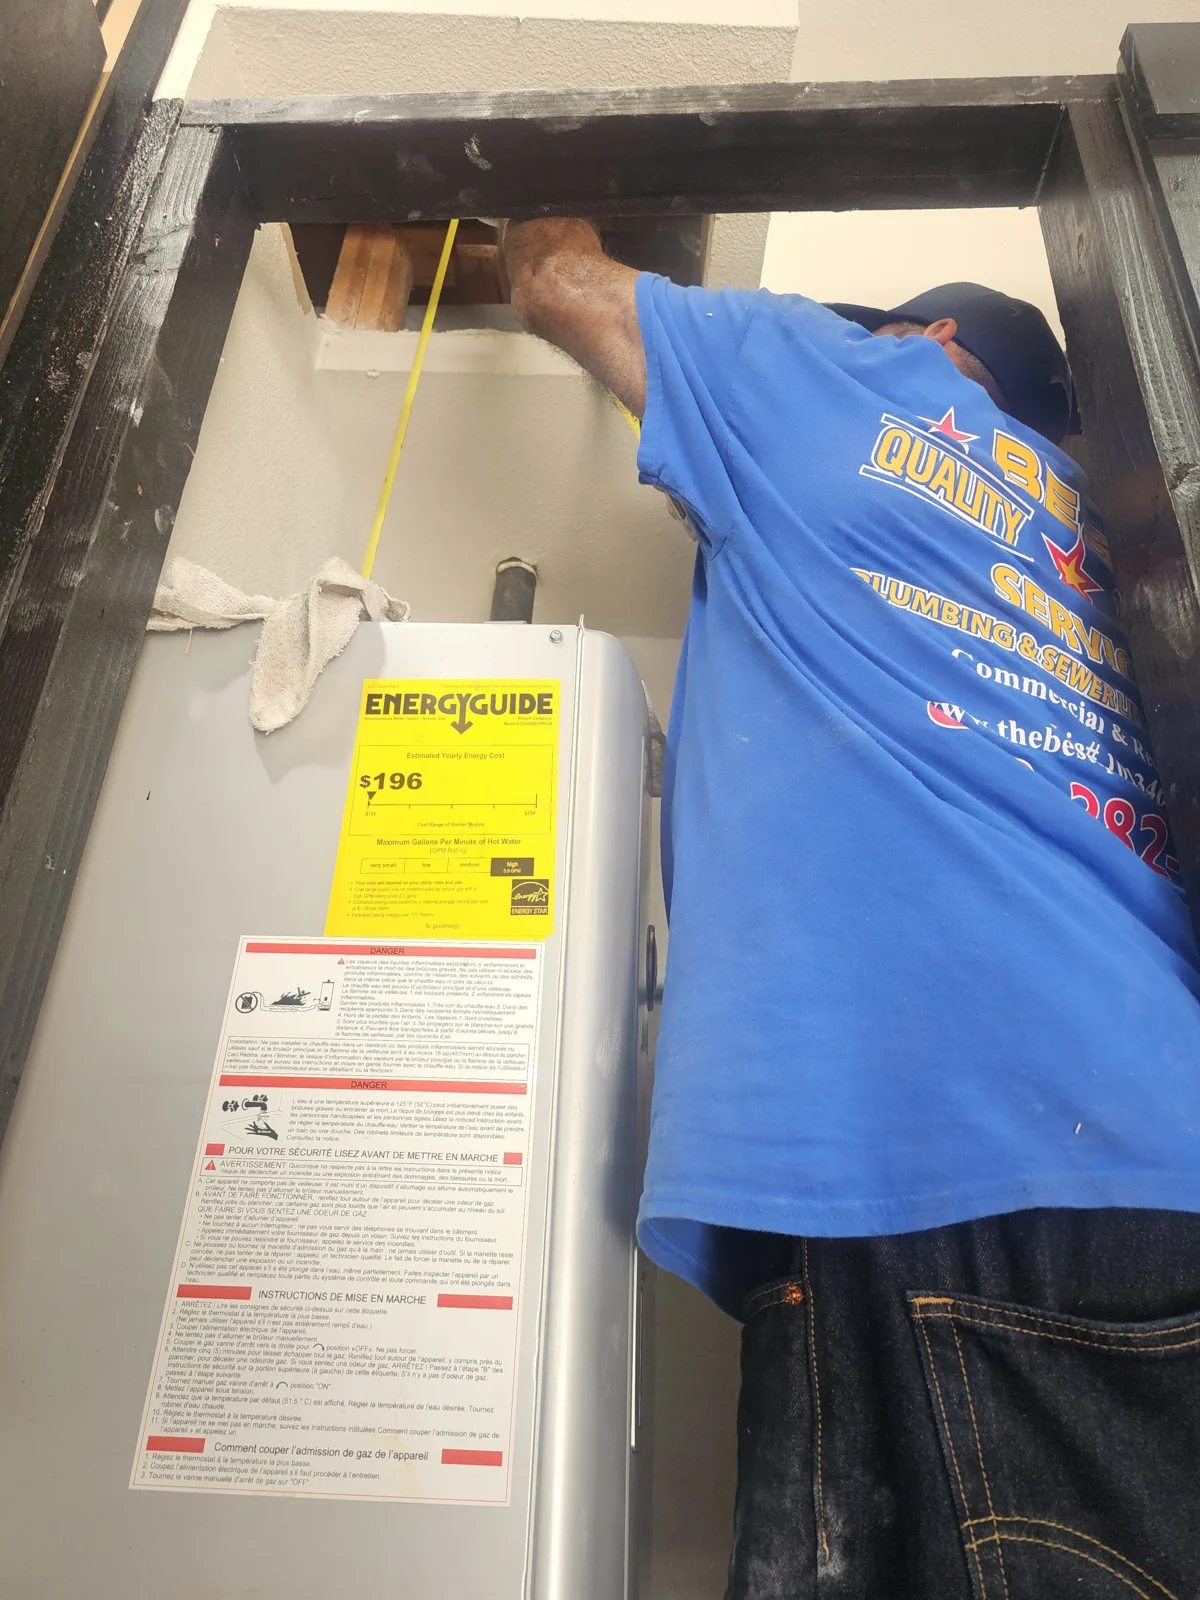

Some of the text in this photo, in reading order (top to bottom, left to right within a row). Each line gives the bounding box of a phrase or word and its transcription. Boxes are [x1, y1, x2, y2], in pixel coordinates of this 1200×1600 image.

[872, 426, 1027, 546] QUALITY
[1019, 632, 1040, 661] &
[365, 693, 553, 716] ENERGYGUIDE
[1111, 723, 1129, 746] &
[358, 772, 423, 791] $196
[228, 1146, 254, 1154] POUR
[255, 1147, 286, 1155] VOTRE
[288, 1146, 332, 1156] SÉCURITÉ
[360, 1150, 389, 1158] AVANT
[407, 1152, 443, 1160] METTRE
[460, 1153, 498, 1161] MARCHE
[219, 1160, 285, 1168] AVERTISSEMENT
[258, 1290, 426, 1304] INSTRUCTIONS DE MISE EN MARCHE
[214, 1442, 257, 1452] Comment
[258, 1446, 288, 1456] couper
[291, 1446, 340, 1456] l'admission
[355, 1451, 372, 1459] gaz
[388, 1450, 428, 1462] l'appareil
^^^^^^^^^^^^^^^^
* [Task prompt]
Reproduce the data above in full, exactly as it is, with the pictures left out.

* [Problem solution]
Some of the text in this photo, in reading order (top to bottom, left to right within a row). Each line gives the bounding box of a phrase or word and its transcription. Boxes are [x1, y1, x2, y2], in pixel coordinates of this 1200×1600 image.

[872, 426, 1027, 546] QUALITY
[1019, 632, 1040, 661] &
[365, 693, 553, 716] ENERGYGUIDE
[1111, 723, 1129, 746] &
[358, 772, 423, 791] $196
[228, 1146, 254, 1154] POUR
[255, 1147, 286, 1155] VOTRE
[288, 1146, 332, 1156] SÉCURITÉ
[360, 1150, 389, 1158] AVANT
[407, 1152, 443, 1160] METTRE
[460, 1153, 498, 1161] MARCHE
[219, 1160, 285, 1168] AVERTISSEMENT
[258, 1290, 426, 1304] INSTRUCTIONS DE MISE EN MARCHE
[214, 1442, 257, 1452] Comment
[258, 1446, 288, 1456] couper
[291, 1446, 340, 1456] l'admission
[355, 1451, 372, 1459] gaz
[388, 1450, 428, 1462] l'appareil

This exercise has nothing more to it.